__EXERCISE DIRECTIONS__. Having located the line with "this 1200×1600 image.", repeat it and all remaining lines of the records exactly. Pictures do not belong in the answer.

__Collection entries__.
- - - - -
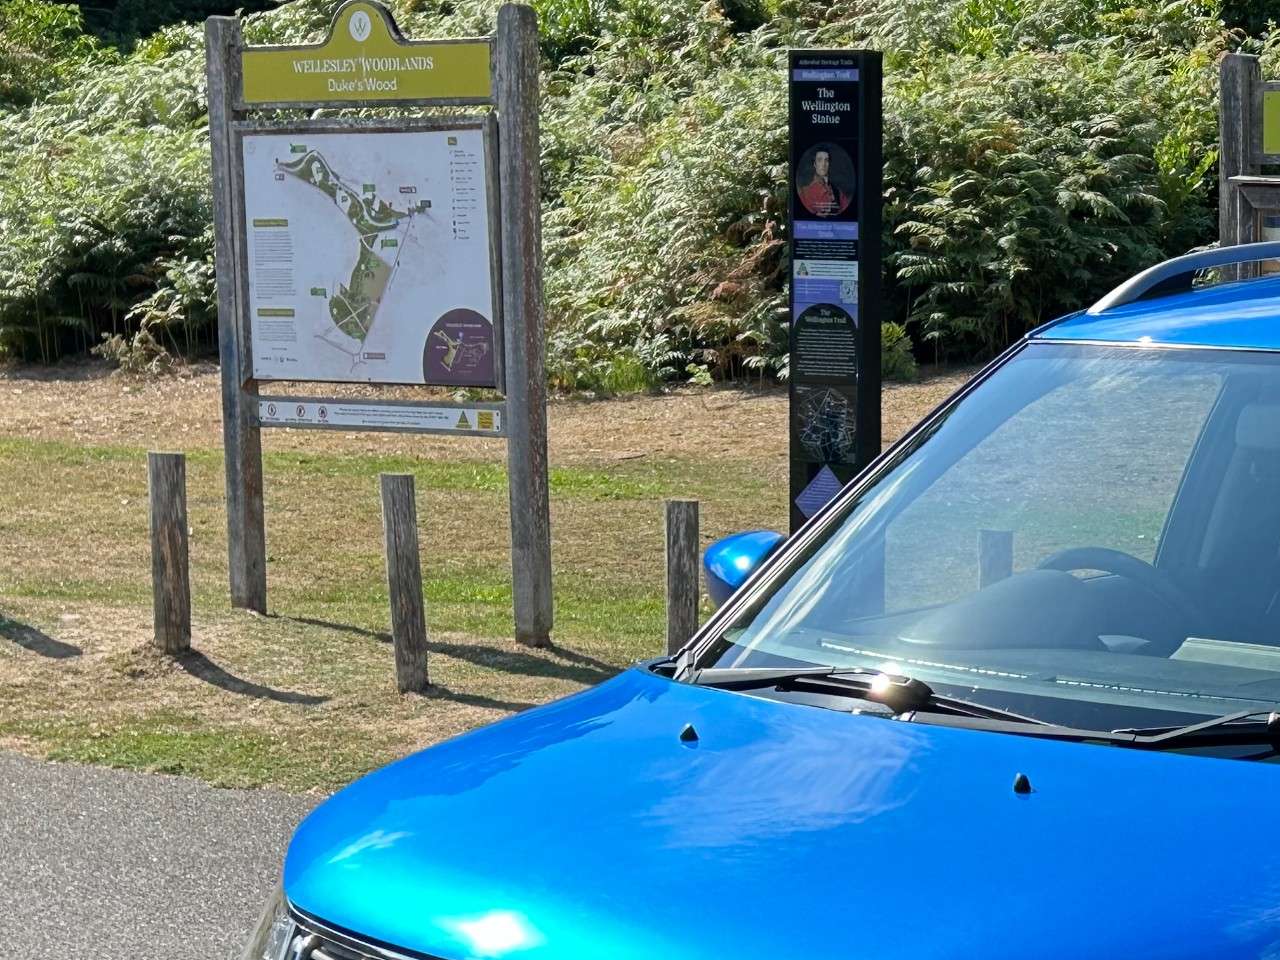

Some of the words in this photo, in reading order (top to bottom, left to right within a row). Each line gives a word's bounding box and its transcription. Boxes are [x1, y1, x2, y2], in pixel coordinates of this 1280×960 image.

[292, 59, 357, 73] WELLESLEY
[359, 56, 435, 72] WOODLANDS
[327, 78, 363, 92] Duke's
[364, 76, 398, 91] Wood
[816, 87, 835, 98] The
[801, 100, 851, 113] Wellington
[811, 113, 841, 124] Statue
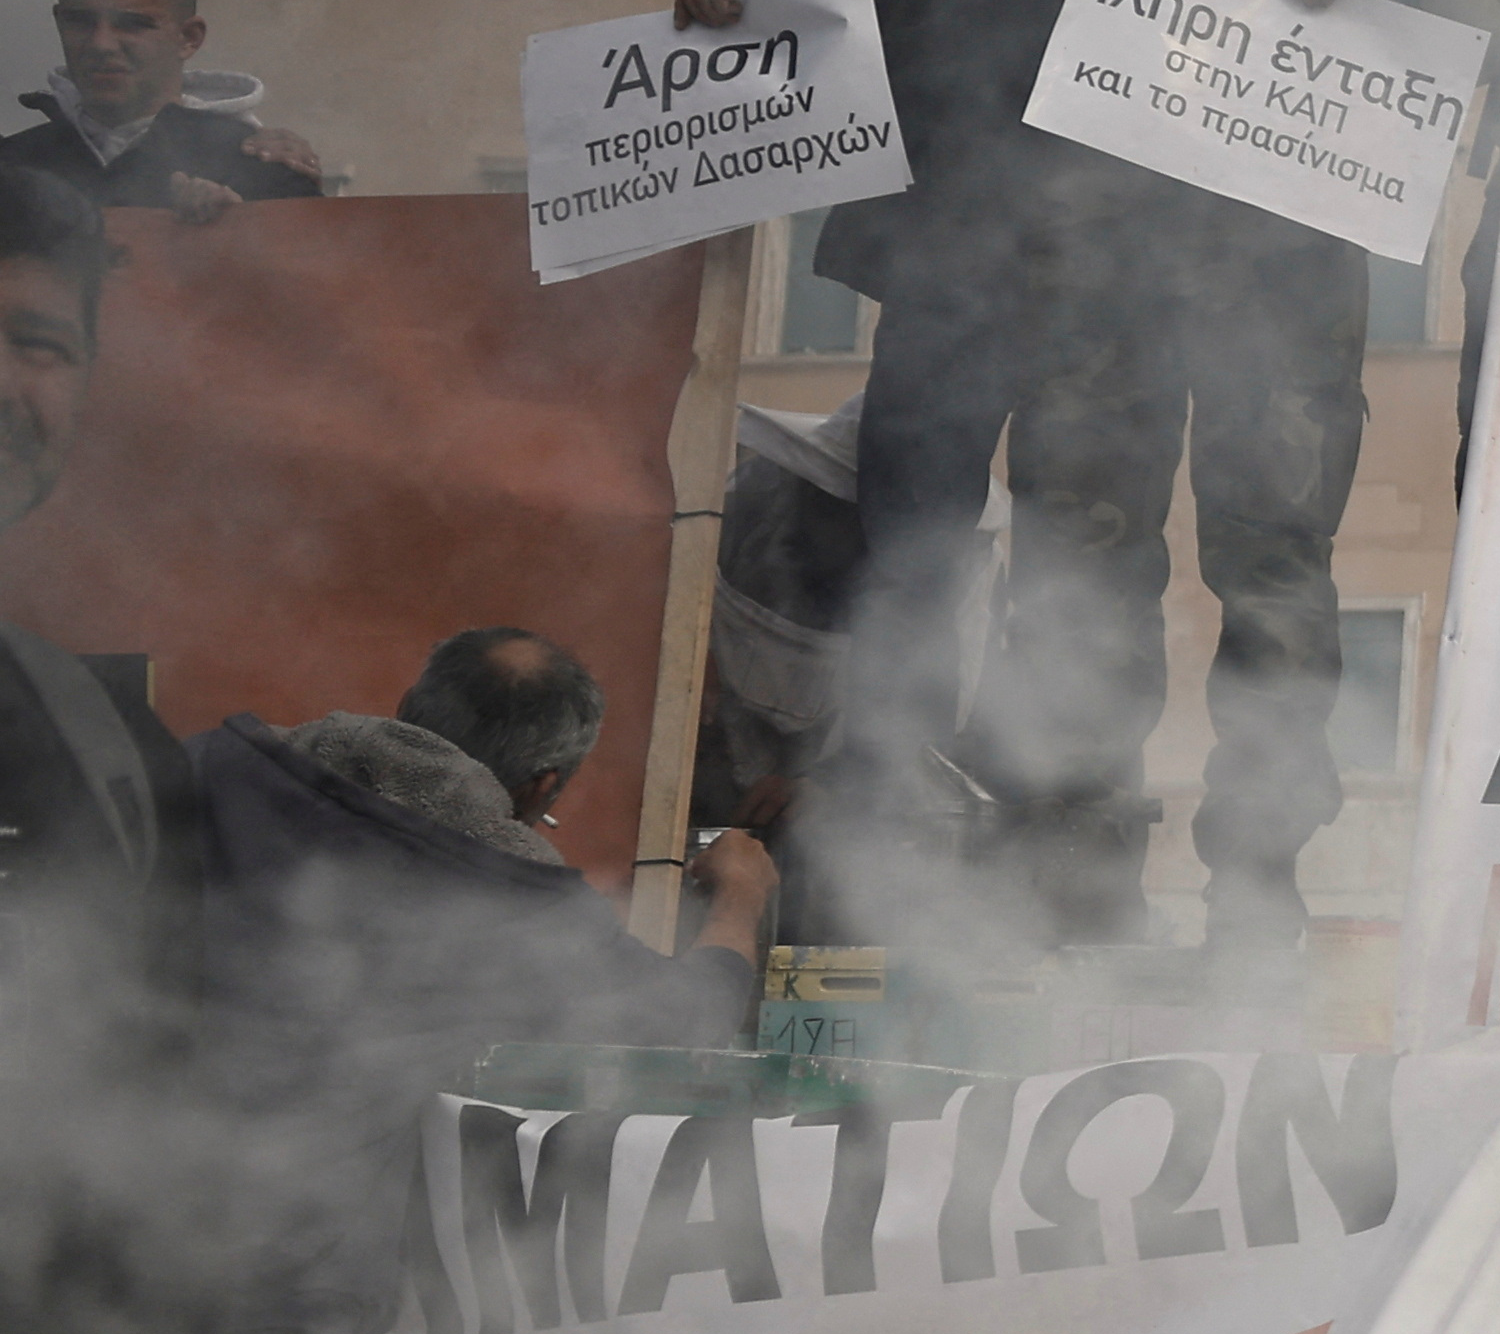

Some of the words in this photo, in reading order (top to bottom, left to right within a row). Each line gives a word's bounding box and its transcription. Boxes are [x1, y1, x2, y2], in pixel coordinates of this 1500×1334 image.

[600, 29, 801, 114] Άρση
[1162, 44, 1258, 103] στην
[1261, 75, 1349, 136] ΚΑΠ
[1271, 20, 1466, 143] ένταξη
[530, 161, 680, 229] τοπικών
[693, 112, 893, 192] Δασαρχών
[585, 81, 816, 169] περιορισμών
[1071, 57, 1134, 103] και
[1146, 81, 1188, 120] το
[1198, 98, 1407, 207] πρασίνισμα
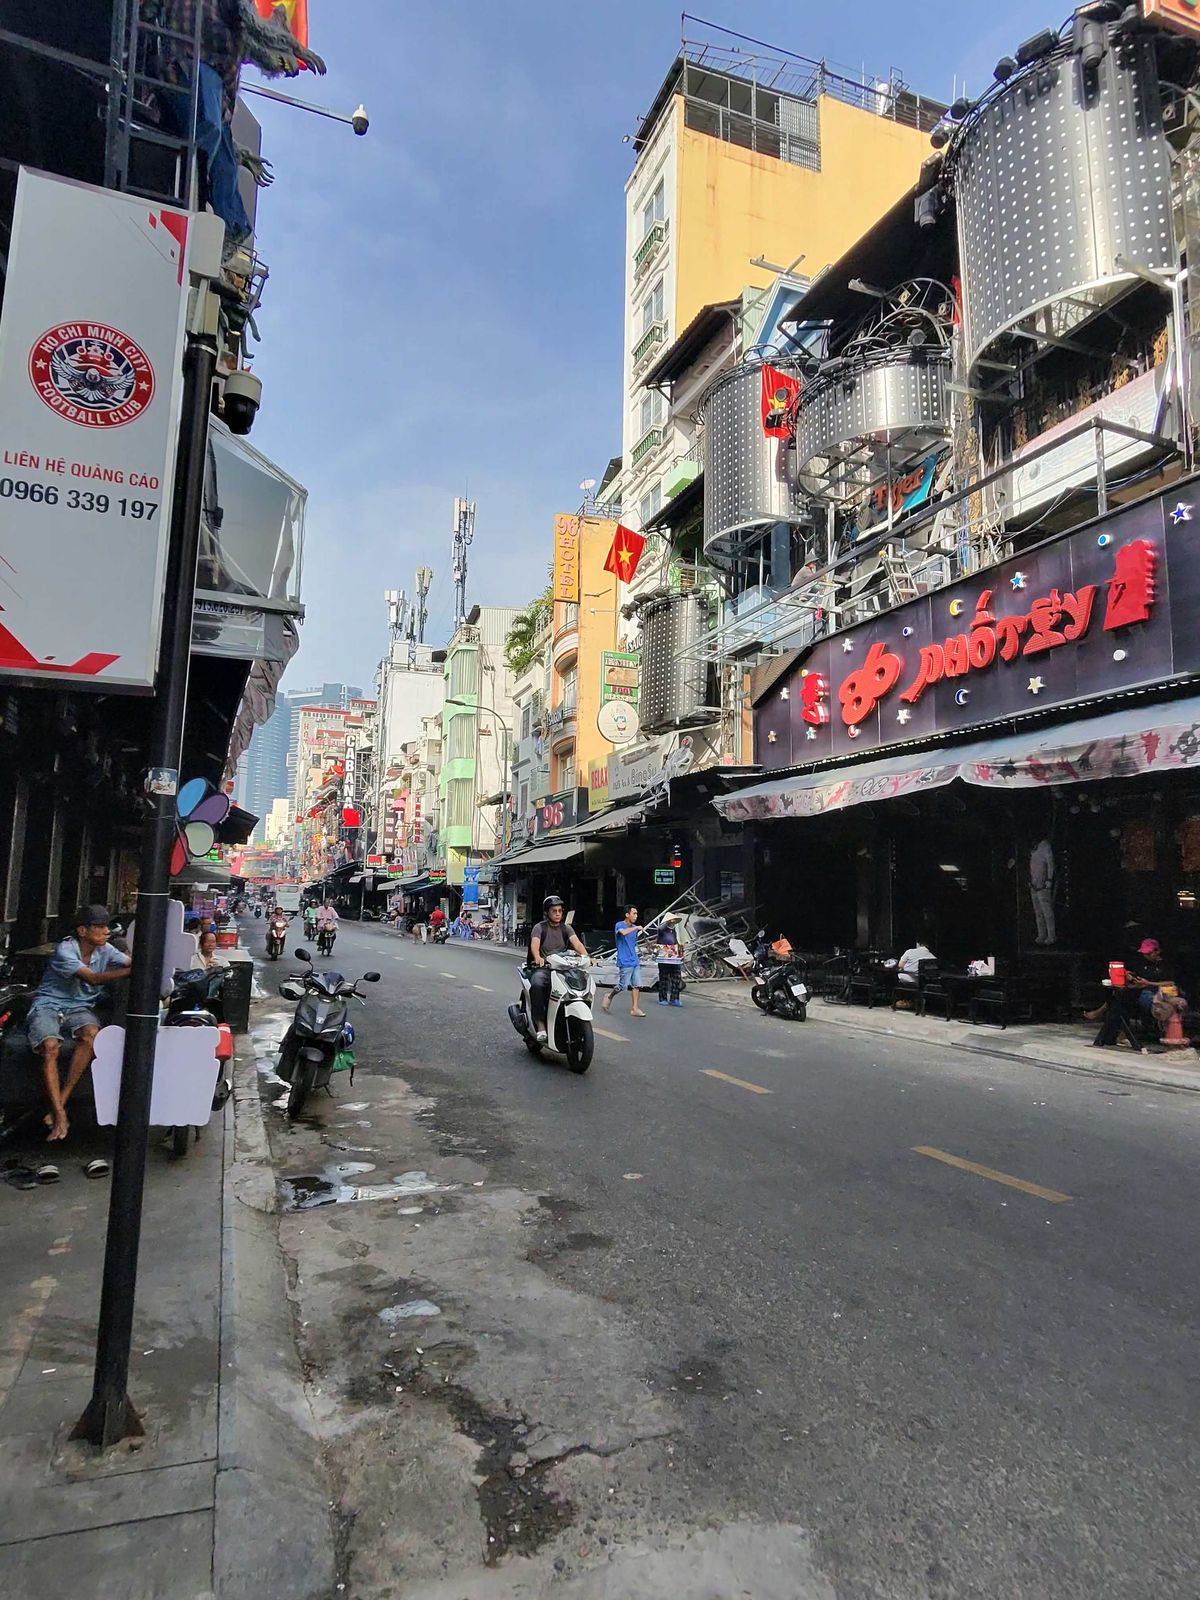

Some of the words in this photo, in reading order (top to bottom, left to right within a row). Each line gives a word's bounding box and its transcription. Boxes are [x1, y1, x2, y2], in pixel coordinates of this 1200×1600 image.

[40, 336, 59, 353] HO
[57, 325, 83, 340] CHI
[87, 325, 125, 347] MINH
[124, 345, 149, 373] CITY
[38, 381, 105, 425] FOOTBALL
[109, 399, 142, 423] CLUB
[4, 450, 40, 469] LIÊN
[45, 457, 66, 476] HỆ
[70, 463, 124, 484] QUẢNG
[129, 471, 159, 490] CÁO
[0, 477, 59, 506] 0966
[66, 489, 110, 514] 339
[118, 498, 158, 521] 197
[560, 537, 575, 599] HOTEL
[838, 642, 901, 725] 86
[344, 734, 356, 809] CABANA
[542, 801, 564, 829] 96
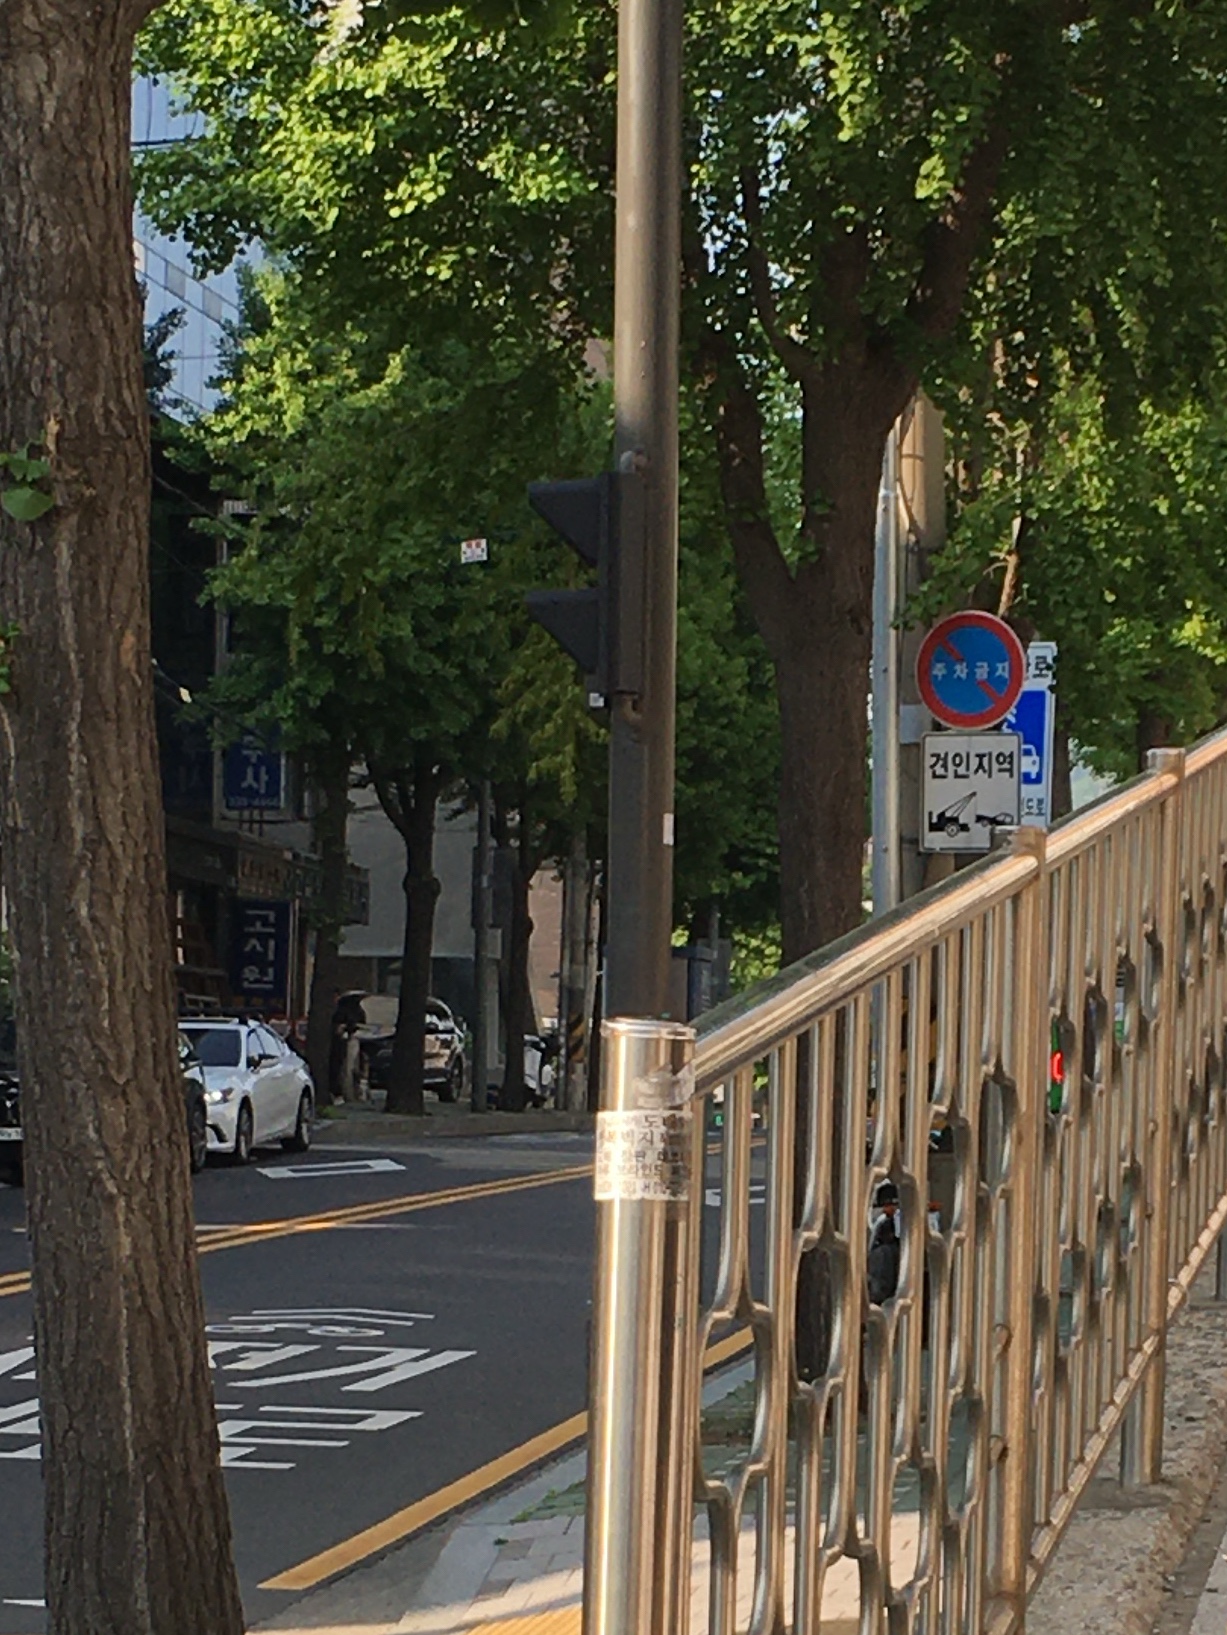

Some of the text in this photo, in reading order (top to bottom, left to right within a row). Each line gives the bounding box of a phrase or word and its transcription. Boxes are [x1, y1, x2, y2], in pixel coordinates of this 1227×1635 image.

[931, 661, 1010, 682] 주차금지
[928, 752, 1015, 779] 견인지역
[243, 909, 276, 989] 고시원
- - - - -
__RESPONSE TO THIS EXERCISE__.
Some of the words in this photo, in reading order (top to bottom, left to right within a row). Each line gives a word's bounding box and its transcription. Boxes are [x1, y1, x2, y2], in pixel coordinates of this 1200×1600 image.

[40, 336, 59, 353] HO
[57, 325, 83, 340] CHI
[87, 325, 125, 347] MINH
[124, 345, 149, 373] CITY
[38, 381, 105, 425] FOOTBALL
[109, 399, 142, 423] CLUB
[4, 450, 40, 469] LIÊN
[45, 457, 66, 476] HỆ
[70, 463, 124, 484] QUẢNG
[129, 471, 159, 490] CÁO
[0, 477, 59, 506] 0966
[66, 489, 110, 514] 339
[118, 498, 158, 521] 197
[560, 537, 575, 599] HOTEL
[838, 642, 901, 725] 86
[344, 734, 356, 809] CABANA
[542, 801, 564, 829] 96

Some of the text in this photo, in reading order (top to bottom, left to right within a row). Each line gives the bounding box of a phrase or word and its transcription. Boxes are [x1, y1, x2, y2], in pixel coordinates of this 1227×1635 image.

[931, 661, 1010, 682] 주차금지
[928, 752, 1015, 779] 견인지역
[243, 909, 276, 989] 고시원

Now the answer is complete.